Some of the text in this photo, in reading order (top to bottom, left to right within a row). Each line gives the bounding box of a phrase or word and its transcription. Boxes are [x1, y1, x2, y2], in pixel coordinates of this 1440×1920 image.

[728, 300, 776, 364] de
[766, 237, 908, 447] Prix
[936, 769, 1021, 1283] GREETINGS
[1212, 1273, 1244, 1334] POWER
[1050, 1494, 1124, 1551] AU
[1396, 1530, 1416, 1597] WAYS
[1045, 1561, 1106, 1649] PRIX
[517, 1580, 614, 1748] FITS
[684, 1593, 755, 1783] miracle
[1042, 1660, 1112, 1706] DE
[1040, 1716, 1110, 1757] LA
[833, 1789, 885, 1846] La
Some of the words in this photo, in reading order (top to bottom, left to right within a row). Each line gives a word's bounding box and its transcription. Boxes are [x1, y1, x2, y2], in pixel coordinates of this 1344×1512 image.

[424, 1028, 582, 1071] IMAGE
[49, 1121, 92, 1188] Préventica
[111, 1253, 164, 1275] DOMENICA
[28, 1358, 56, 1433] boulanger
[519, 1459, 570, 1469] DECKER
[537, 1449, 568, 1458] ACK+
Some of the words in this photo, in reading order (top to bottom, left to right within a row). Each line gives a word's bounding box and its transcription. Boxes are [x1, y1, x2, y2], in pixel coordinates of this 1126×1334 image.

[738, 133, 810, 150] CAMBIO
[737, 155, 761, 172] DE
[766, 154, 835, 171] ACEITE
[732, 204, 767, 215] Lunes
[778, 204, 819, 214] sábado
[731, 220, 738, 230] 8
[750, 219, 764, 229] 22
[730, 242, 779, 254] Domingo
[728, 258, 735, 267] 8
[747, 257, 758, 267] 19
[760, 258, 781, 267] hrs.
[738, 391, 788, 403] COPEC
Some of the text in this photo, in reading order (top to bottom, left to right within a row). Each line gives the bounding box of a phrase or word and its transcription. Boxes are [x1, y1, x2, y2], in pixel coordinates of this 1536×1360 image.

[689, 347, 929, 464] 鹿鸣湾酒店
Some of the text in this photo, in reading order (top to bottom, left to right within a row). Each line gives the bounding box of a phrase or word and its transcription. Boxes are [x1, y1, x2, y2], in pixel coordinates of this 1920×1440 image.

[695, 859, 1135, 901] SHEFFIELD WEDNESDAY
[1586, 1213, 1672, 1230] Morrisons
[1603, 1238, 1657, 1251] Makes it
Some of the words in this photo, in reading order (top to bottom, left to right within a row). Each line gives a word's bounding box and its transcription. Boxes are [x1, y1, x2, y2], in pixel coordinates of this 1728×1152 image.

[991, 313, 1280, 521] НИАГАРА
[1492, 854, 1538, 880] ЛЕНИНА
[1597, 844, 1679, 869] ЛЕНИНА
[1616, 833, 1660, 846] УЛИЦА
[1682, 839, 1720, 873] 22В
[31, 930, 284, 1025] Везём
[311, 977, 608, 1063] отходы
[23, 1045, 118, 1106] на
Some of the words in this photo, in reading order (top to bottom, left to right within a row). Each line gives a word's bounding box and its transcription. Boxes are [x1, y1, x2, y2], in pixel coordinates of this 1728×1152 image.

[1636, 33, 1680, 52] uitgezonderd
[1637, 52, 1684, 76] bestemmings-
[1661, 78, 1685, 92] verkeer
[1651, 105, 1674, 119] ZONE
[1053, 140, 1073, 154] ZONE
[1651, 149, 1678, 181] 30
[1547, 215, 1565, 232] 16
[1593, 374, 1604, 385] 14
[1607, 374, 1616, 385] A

+ + + + + + +

• What to work on
In full and word for word, output the entries.

• Answer space
Some of the text in this photo, in reading order (top to bottom, left to right within a row). Each line gives the bounding box of a phrase or word and its transcription. Boxes are [x1, y1, x2, y2], in pixel coordinates of this 1440×1920 image.

[728, 300, 776, 364] de
[766, 237, 908, 447] Prix
[936, 769, 1021, 1283] GREETINGS
[1212, 1273, 1244, 1334] POWER
[1050, 1494, 1124, 1551] AU
[1396, 1530, 1416, 1597] WAYS
[1045, 1561, 1106, 1649] PRIX
[517, 1580, 614, 1748] FITS
[684, 1593, 755, 1783] miracle
[1042, 1660, 1112, 1706] DE
[1040, 1716, 1110, 1757] LA
[833, 1789, 885, 1846] La
Some of the words in this photo, in reading order (top to bottom, left to right within a row). Each line gives a word's bounding box and its transcription. Boxes are [x1, y1, x2, y2], in pixel coordinates of this 1344×1512 image.

[424, 1028, 582, 1071] IMAGE
[49, 1121, 92, 1188] Préventica
[111, 1253, 164, 1275] DOMENICA
[28, 1358, 56, 1433] boulanger
[519, 1459, 570, 1469] DECKER
[537, 1449, 568, 1458] ACK+
Some of the words in this photo, in reading order (top to bottom, left to right within a row). Each line gives a word's bounding box and its transcription. Boxes are [x1, y1, x2, y2], in pixel coordinates of this 1126×1334 image.

[738, 133, 810, 150] CAMBIO
[737, 155, 761, 172] DE
[766, 154, 835, 171] ACEITE
[732, 204, 767, 215] Lunes
[778, 204, 819, 214] sábado
[731, 220, 738, 230] 8
[750, 219, 764, 229] 22
[730, 242, 779, 254] Domingo
[728, 258, 735, 267] 8
[747, 257, 758, 267] 19
[760, 258, 781, 267] hrs.
[738, 391, 788, 403] COPEC
Some of the text in this photo, in reading order (top to bottom, left to right within a row). Each line gives the bounding box of a phrase or word and its transcription. Boxes are [x1, y1, x2, y2], in pixel coordinates of this 1536×1360 image.

[689, 347, 929, 464] 鹿鸣湾酒店
Some of the text in this photo, in reading order (top to bottom, left to right within a row). Each line gives the bounding box of a phrase or word and its transcription. Boxes are [x1, y1, x2, y2], in pixel coordinates of this 1920×1440 image.

[695, 859, 1135, 901] SHEFFIELD WEDNESDAY
[1586, 1213, 1672, 1230] Morrisons
[1603, 1238, 1657, 1251] Makes it
Some of the words in this photo, in reading order (top to bottom, left to right within a row). Each line gives a word's bounding box and its transcription. Boxes are [x1, y1, x2, y2], in pixel coordinates of this 1728×1152 image.

[991, 313, 1280, 521] НИАГАРА
[1492, 854, 1538, 880] ЛЕНИНА
[1597, 844, 1679, 869] ЛЕНИНА
[1616, 833, 1660, 846] УЛИЦА
[1682, 839, 1720, 873] 22В
[31, 930, 284, 1025] Везём
[311, 977, 608, 1063] отходы
[23, 1045, 118, 1106] на
Some of the words in this photo, in reading order (top to bottom, left to right within a row). Each line gives a word's bounding box and its transcription. Boxes are [x1, y1, x2, y2], in pixel coordinates of this 1728×1152 image.

[1636, 33, 1680, 52] uitgezonderd
[1637, 52, 1684, 76] bestemmings-
[1661, 78, 1685, 92] verkeer
[1651, 105, 1674, 119] ZONE
[1053, 140, 1073, 154] ZONE
[1651, 149, 1678, 181] 30
[1547, 215, 1565, 232] 16
[1593, 374, 1604, 385] 14
[1607, 374, 1616, 385] A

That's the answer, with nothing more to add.